People choose any of the above according to their needs and budget. But when we sincerely think about this whole ventilation situation, we often fixate on the methods but always ignore the quality of the air we intake.

Let’s discuss it one by one.

Natural Ventilation

It sounds good for countries like Australia and Finland where the average AQI is around 25 but you certainly cannot expect better Indoor air quality by opening windows and doors in cities like Delhi, Dhaka, Beijing and New York where the average AQI ranges from anywhere between 150 to 400. 100 being the cleanest, which is still indicated as unhealthy. And during winters in some cities, forget natural ventilation, don’t even try to look out of your window. AQI hits 500.

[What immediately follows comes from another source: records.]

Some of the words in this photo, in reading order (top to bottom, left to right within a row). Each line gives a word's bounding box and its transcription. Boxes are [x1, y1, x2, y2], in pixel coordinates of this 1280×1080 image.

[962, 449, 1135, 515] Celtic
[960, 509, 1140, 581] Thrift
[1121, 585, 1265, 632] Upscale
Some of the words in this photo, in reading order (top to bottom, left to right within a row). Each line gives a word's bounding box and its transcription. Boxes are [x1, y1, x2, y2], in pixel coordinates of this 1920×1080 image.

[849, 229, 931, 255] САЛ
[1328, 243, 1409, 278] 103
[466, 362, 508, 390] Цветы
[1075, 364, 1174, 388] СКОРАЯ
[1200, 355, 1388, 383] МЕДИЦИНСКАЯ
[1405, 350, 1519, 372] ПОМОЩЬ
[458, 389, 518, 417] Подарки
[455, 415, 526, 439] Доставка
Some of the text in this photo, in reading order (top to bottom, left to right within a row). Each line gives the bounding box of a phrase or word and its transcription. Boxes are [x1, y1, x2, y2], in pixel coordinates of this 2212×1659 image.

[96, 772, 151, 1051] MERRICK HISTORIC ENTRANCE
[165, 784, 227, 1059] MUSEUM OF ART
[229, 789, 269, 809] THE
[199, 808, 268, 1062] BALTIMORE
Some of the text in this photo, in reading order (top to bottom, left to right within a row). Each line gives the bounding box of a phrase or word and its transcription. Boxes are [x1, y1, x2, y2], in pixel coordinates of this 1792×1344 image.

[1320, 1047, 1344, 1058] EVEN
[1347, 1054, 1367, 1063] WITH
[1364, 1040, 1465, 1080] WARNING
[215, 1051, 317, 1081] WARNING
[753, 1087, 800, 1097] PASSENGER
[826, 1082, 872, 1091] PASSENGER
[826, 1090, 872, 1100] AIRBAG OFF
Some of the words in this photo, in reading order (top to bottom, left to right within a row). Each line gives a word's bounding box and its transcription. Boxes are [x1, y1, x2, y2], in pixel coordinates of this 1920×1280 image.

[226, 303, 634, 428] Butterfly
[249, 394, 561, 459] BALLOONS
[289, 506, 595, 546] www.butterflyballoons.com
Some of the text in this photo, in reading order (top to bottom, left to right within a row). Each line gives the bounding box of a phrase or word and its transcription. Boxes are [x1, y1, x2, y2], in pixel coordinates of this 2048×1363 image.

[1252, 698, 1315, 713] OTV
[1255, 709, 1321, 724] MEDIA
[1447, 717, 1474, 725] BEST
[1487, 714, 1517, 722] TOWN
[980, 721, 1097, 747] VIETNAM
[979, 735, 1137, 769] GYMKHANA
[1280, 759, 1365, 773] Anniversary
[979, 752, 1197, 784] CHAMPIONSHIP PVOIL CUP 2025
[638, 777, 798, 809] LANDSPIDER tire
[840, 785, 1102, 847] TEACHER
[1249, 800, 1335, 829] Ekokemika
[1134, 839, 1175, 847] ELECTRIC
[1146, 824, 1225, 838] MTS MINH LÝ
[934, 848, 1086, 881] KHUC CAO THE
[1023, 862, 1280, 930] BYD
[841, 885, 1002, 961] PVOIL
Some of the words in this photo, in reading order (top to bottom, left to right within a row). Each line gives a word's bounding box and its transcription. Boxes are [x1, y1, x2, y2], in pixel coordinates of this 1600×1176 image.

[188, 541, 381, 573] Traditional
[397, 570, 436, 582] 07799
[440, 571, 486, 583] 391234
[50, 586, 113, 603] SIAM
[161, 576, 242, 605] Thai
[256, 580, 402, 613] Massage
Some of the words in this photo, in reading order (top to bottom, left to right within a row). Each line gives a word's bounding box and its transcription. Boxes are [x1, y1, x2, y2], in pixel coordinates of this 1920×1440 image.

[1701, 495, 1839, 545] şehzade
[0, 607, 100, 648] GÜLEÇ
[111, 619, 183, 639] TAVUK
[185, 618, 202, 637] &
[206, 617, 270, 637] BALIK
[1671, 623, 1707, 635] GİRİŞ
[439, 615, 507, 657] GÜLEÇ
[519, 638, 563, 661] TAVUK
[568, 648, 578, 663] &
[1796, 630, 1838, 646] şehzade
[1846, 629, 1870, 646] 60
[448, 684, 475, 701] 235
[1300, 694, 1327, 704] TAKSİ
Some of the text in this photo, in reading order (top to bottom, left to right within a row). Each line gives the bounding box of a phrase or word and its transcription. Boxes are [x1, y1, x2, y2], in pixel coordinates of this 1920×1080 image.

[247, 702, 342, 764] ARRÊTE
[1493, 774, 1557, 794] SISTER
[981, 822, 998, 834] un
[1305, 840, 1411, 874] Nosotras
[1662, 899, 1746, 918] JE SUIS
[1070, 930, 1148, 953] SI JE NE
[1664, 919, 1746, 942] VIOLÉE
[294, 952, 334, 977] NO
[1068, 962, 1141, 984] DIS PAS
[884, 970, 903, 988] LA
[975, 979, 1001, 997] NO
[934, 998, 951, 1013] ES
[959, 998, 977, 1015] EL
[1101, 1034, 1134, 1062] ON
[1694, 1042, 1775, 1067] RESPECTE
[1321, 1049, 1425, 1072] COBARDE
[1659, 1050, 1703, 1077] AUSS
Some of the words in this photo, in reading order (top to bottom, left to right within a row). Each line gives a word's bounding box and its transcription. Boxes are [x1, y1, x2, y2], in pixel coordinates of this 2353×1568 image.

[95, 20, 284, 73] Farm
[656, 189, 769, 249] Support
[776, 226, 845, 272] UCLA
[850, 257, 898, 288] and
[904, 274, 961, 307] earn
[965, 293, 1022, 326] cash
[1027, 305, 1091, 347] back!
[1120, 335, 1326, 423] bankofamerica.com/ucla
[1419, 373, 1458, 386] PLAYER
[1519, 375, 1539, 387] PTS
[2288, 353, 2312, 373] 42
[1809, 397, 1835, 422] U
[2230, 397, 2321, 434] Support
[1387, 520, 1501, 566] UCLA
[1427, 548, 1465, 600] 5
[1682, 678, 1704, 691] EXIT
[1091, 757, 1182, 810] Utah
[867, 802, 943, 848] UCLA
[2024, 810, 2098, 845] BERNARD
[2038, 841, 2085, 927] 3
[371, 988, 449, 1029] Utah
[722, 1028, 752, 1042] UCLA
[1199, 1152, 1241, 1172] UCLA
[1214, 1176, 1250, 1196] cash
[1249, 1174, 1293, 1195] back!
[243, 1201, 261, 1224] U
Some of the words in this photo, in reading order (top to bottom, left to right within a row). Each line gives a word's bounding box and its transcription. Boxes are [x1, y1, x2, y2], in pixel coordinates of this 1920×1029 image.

Other than this, natural ventilation can cause heat loss in winters and condensation in summer. Natural ventilation does not control the amount of air that passes through the building. This can be explained by the temperature differences between indoors and outdoors and the movements of the wind and the atmospheric pressure.

A recent study called Impact of outdoor air quality on the natural ventilation usage of commercial buildings in the US was conducted. It aims to provide a general guideline of outdoor air quality on natural ventilation usage when adopting natural ventilation in different US locations.

The results of the study confirmed that the outdoor air pollutants, especially PM2.5 and PM 10, are a significant factor to consider in the natural ventilation design to shield the occupant of the buildings from excessive air pollutant exposure. Thus, explaining that it is not only the dust particles or smoke you need to worry about but also the dangers of air pollutants invisible to the naked eye.

Mechanical Ventilation

We will not have to dive deeper into the harmful effects Mechanical Ventilation can have on people because in the majority of the developing nations most people are not wealthy enough to afford it. And let’s say that even if people are willing to pay for mechanical ventilation, existing houses and buildings are built in a certain way that is surely not mechanical ventilation friendly.

The easiest to install and most popular mechanical ventilation is exhaust ventilation which has its fair share of concerns. Along with fresh air, they may draw in pollutants. These can include radon and moulds from a crawlspace, dust from an attic, fumes from an attached garage and gases from a fireplace. These pollutants are a particular concern when bath fans, range fans and clothes dryers (which also depressurize the home while they operate) are run when an exhaust ventilation system is also operating. For more details, you may read here.

Because of the airtight nature of many houses, mechanical ventilation can also depressurize your home. This can cause issues with appliances that vent naturally, such as a furnace and water heater. Rather than expelling the harmful gases outdoors, that are released when the water heater and furnace operate, the gases may linger indoors. This can cause serious breathing problems.

Though the developed nations are talking about air war and air ventilation and how this can help in defeating the pandemic, it is less about saving people from the virus and more about exposing them to hazardous pollutants and risking their lives.

Maybe in the future, we can have a discussion on this. But for now, the world isn’t ready.